Fast liquid chromatography–quadrupole linear ion trap-mass spectrometry analysis of polyunsaturated fatty acids and eicosanoids in human plasma

•Separation of 7 PUFAs and 94 oxidized metabolites by fast chromatography in 7 min.•Quantitation via scheduled Multiple Reaction Monitoring in quadrupole mode.•Simultaneous analyte confirmation by LIT fragment spectra.•Quantitation of 6 PUFAs, 14 eicosanoids and 3 other oxidized PUFA metabolites in plasma.

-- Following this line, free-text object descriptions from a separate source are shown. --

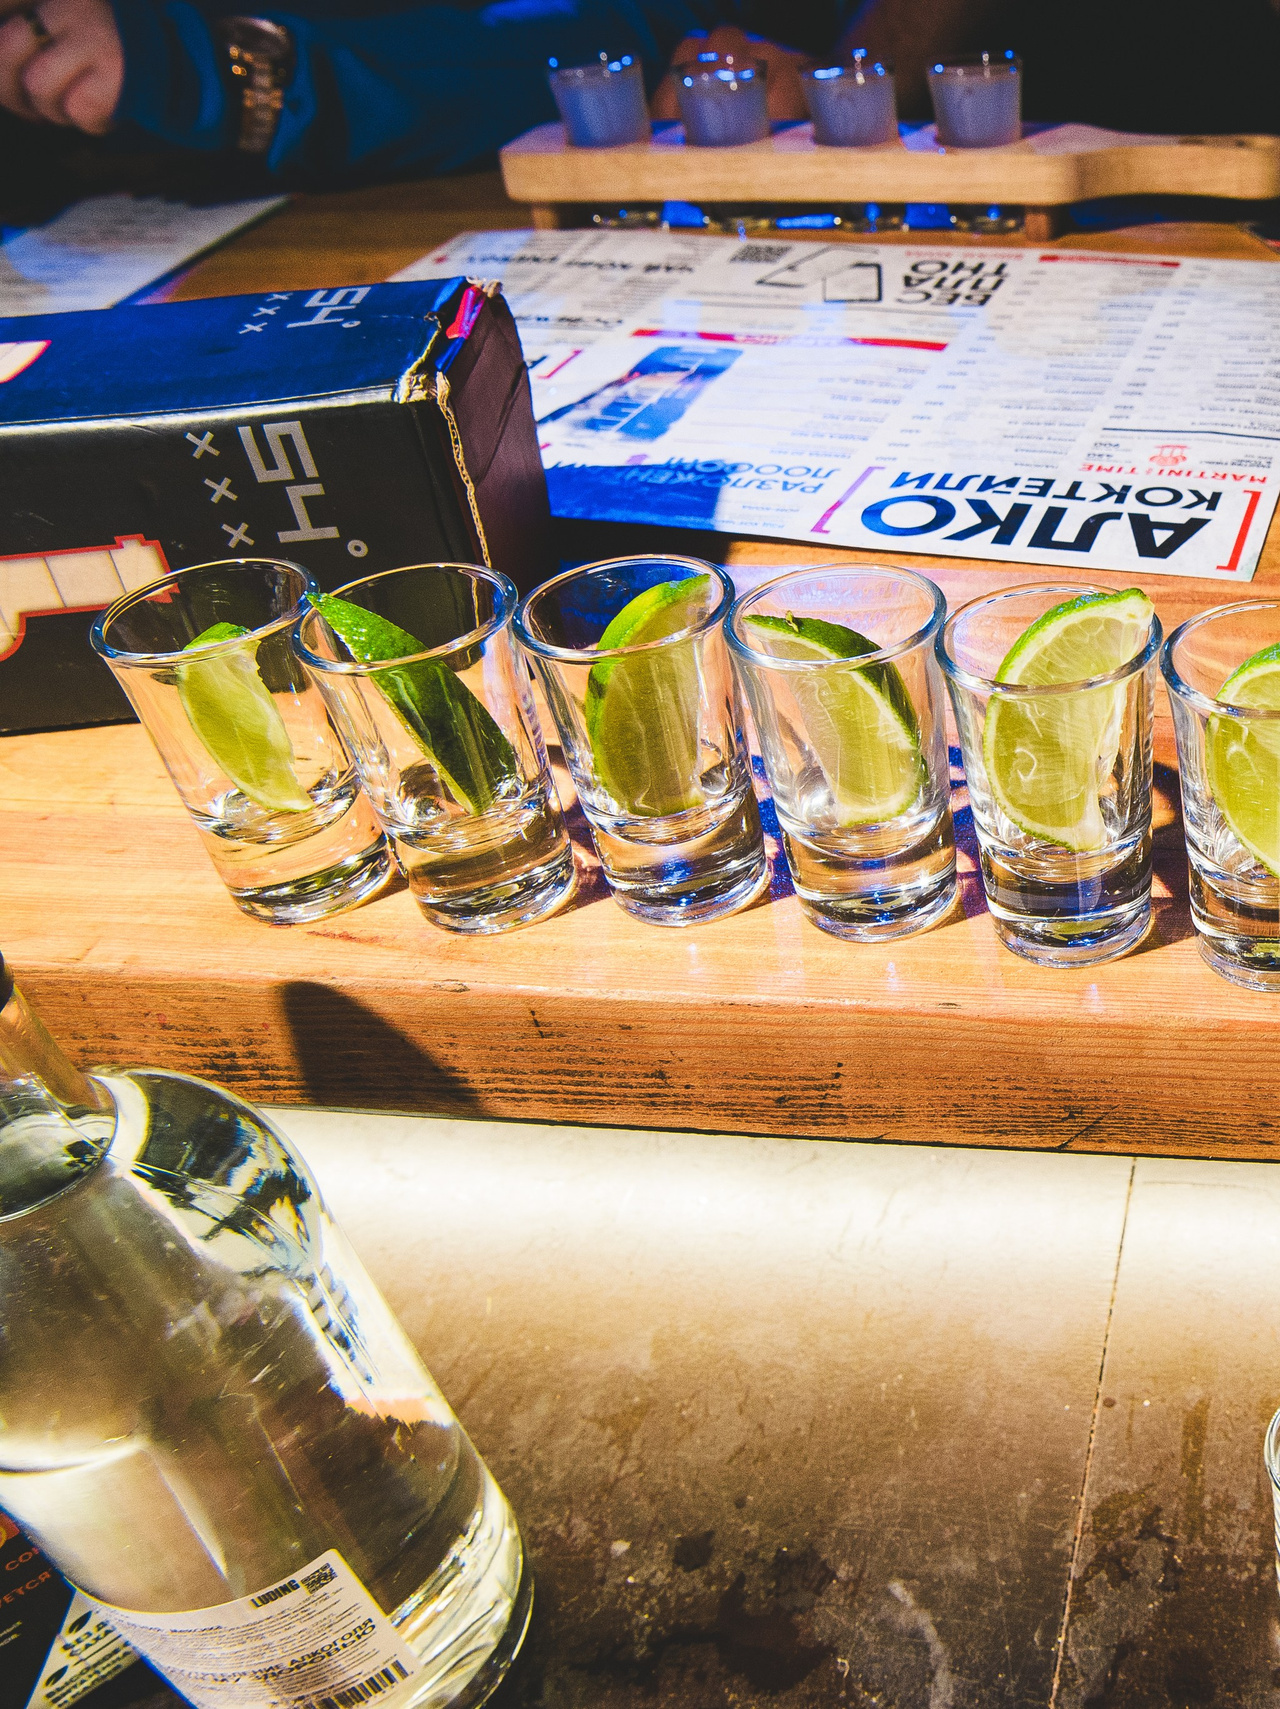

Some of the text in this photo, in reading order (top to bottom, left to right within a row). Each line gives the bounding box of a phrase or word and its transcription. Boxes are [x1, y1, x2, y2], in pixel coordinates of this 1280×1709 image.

[911, 260, 1008, 277] ТНО
[896, 290, 992, 307] БЕС
[1080, 463, 1268, 484] MARTINI TIME
[890, 472, 1223, 512] КОКТЕЙЛИ
[861, 494, 1213, 559] АЛКО
[251, 1579, 300, 1609] LUDING
[288, 1618, 374, 1668] АЛКОГОЛЯ
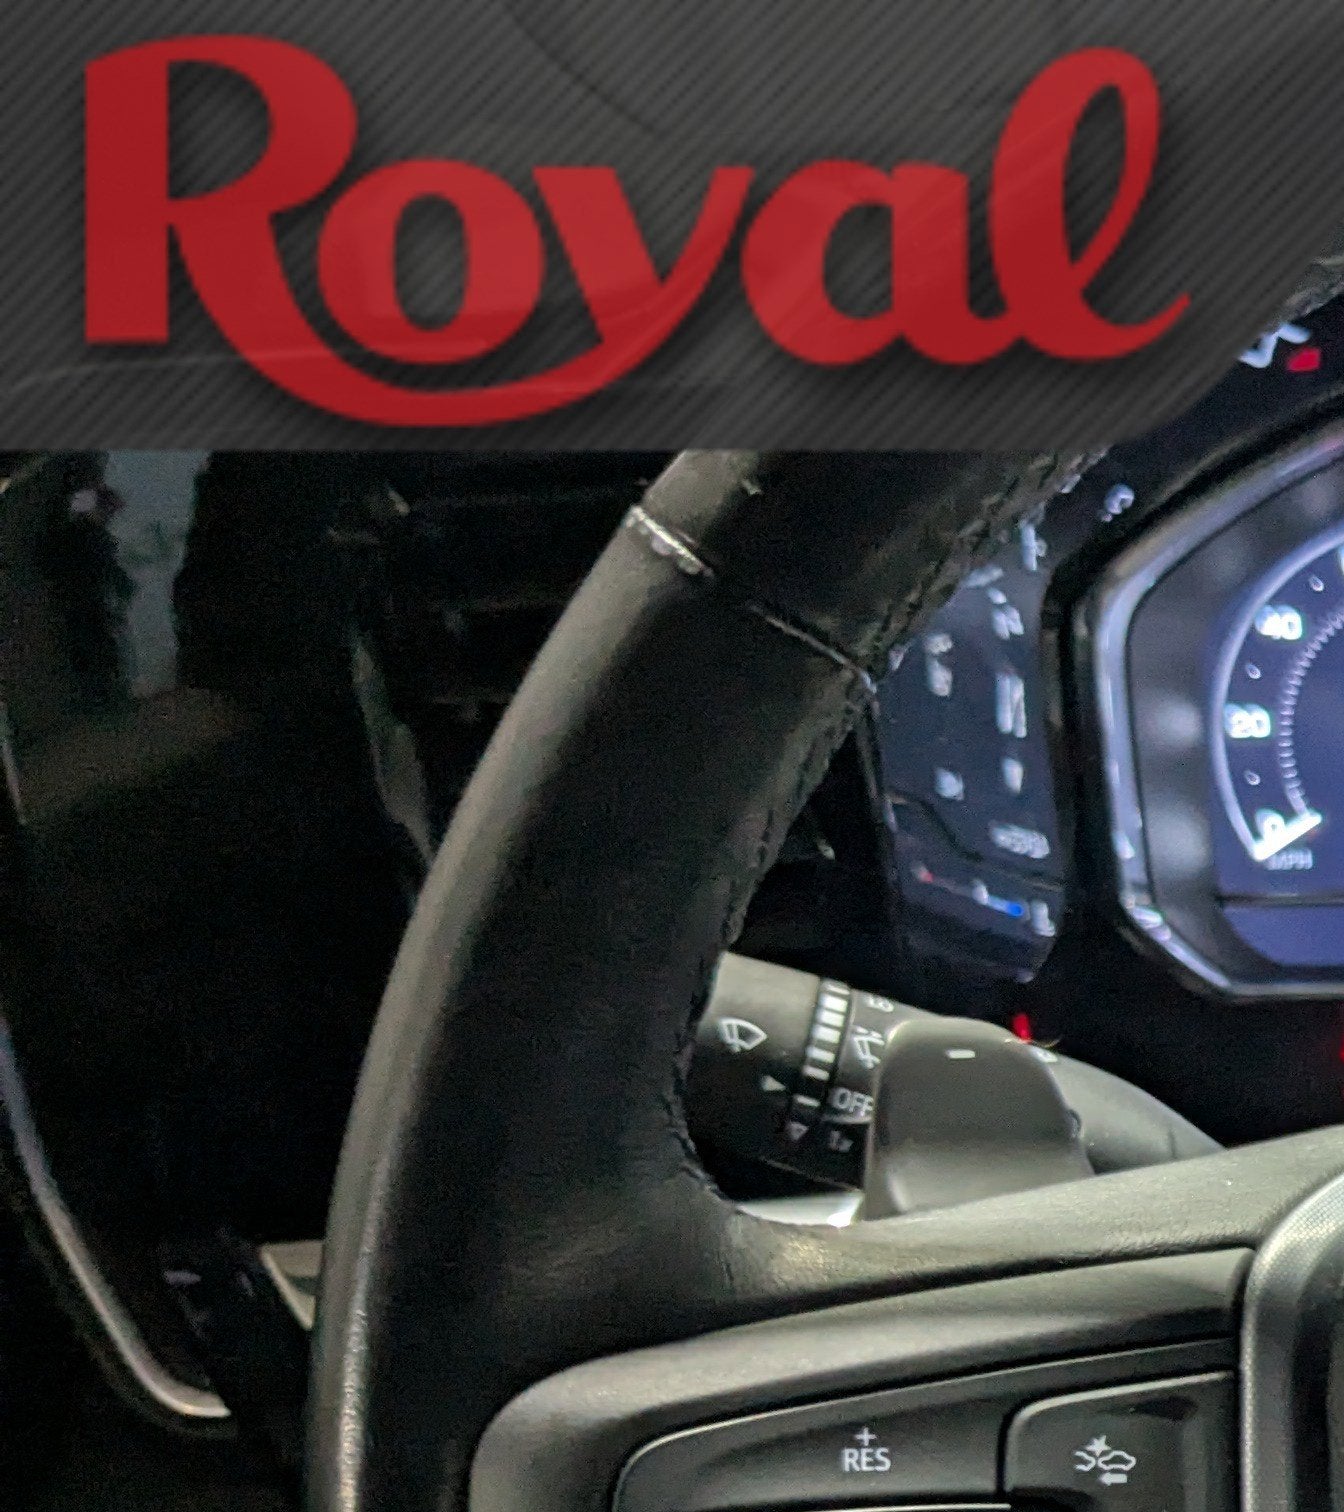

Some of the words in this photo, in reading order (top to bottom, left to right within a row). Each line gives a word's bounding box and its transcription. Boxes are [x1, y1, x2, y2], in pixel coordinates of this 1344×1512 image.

[1255, 603, 1303, 640] 40
[1225, 704, 1270, 739] 20
[830, 1087, 874, 1117] OFF
[843, 1448, 891, 1473] RES

Profiling of polyunsaturated fatty acids (PUFAs) and their oxidized metabolites, mainly eicosanoids, in human plasma by fast liquid chromatography–mass spectrometry is described. Sample preparation involved protein precipitation of 200 μL plasma followed by on-line solid-phase extraction. 7 PUFAs and 94 oxidized metabolites were separated utilizing a C-18 column packed with 2.6 μm core–shell particles in 7 min. The analytes and deuterium-labeled standards were detected via scheduled multiple reaction monitoring transitions (123 sMRM). Simultaneously, linear ion trap fragment spectra were acquired for confirmation, if necessary. The lower limit of quantitation ranged between 200 and 1000 ng/mL for the PUFAs and 10–1000 pg/mL for the metabolites. The method was applied to a study on plasma samples from 50 healthy subjects.